Southwest Elementary teacher takes home top award
Writer / Michelle Kaufman
Growing up, Hussung’s would play school with chickens on her family’s farm. Today, she is in her 16th year of teaching and has taught a variety of grade levels.
“Second [grade] is definitely my favorite,” she says. “[The students are] starting to really put all of the pieces together. Seeing the students’ growth, the things they were not able to do at the beginning of the year that they can at the end, it’s very rewarding to get to see that growth and see all those lightbulbs go off and make connections and to be more confident in themselves.”

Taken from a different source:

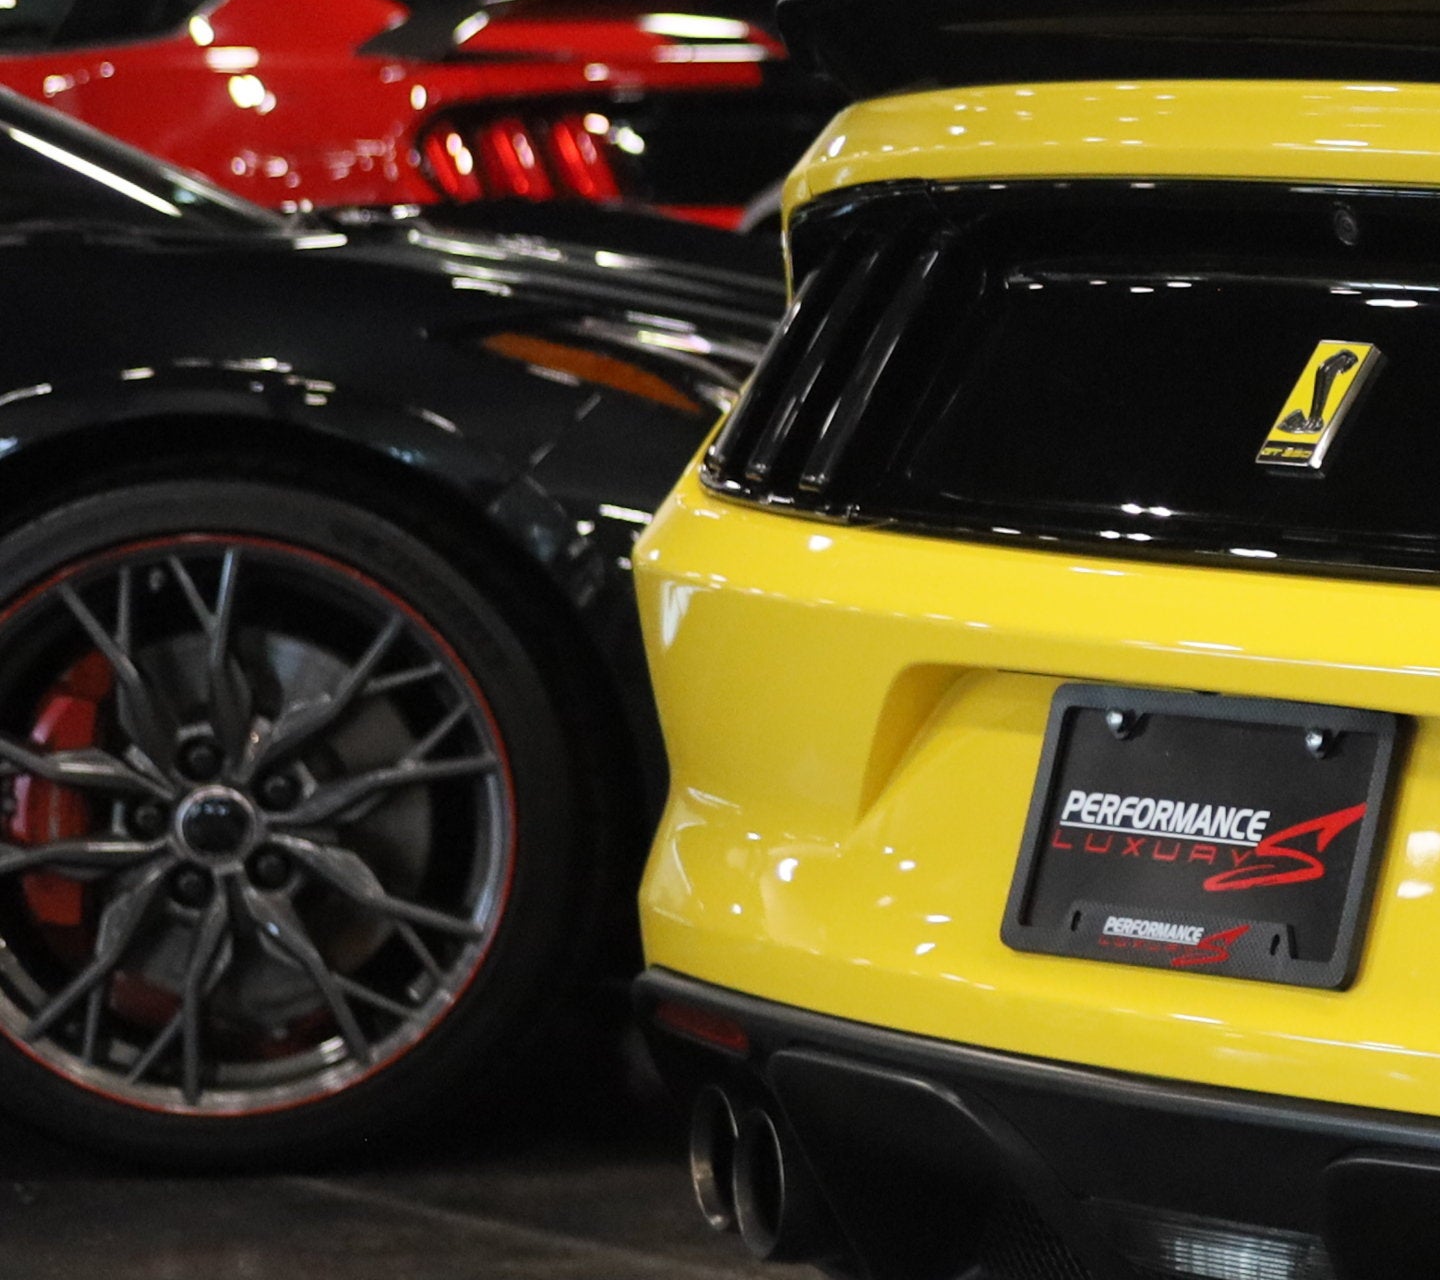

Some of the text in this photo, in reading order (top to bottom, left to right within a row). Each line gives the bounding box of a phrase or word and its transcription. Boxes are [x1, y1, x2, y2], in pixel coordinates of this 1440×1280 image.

[1062, 789, 1271, 842] PERFORMANCE
[1051, 828, 1256, 867] LUXURY
[1104, 916, 1205, 943] PERFORMANCE

Hussung’s favorite part of her job is the relationships that she builds with her students. She gets daily visits from past students as they go to their third, fourth and fifth grade classrooms.

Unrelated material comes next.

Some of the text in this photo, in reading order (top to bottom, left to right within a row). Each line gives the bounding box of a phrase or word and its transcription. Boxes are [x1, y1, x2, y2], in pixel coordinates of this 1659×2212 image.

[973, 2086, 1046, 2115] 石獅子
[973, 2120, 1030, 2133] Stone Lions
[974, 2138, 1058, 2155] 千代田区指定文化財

“You’re with them for 180 days, so you spend a lot of time together,” Hussung says. “Just building those relationships and getting to see them grow throughout the grades and the school years is fun too. My girls go to school in [the Greenwood corporation] too, so it’s kinda fun to follow [former students] and get to see your students grow up.”
Hussung’s class has RTI time, which allows her to spend some one-on-one time with her students on what they specifically need to work on. A laptop cart sits at the front of her classroom, and lesson demonstration and remediation programs are used. She looks forward to walking into her classroom each day and seeing her students.
“At this age especially, they’re still very compassionate and are excited to see you,” she says. “It’s never the same day in teaching. There’s always something different that happens every single day.”
Hussung was nominated for the Teacher of the Year award by Southwest Principal Beth Guilfoy. She didn’t know she was nominated but got called into a meeting with Guilfoy and found out she won.
“I was very surprised. I wasn’t expecting it at all,” Hussung says. “I’m very thankful to win the award.”
Throughout her teaching career, Hussung has learned how to better handle situations and to be an advocate for students who need help with learning, behaviors or situations at home.
“I’ve just learned how to be an advocate for those kids that need a voice and to make sure that they get their needs met,” Hussung says. “You can go to college and learn how to teach reading and math and writing and spelling and all that, but there aren’t really courses on how to handle unfortunate situations that kids are dealing with.”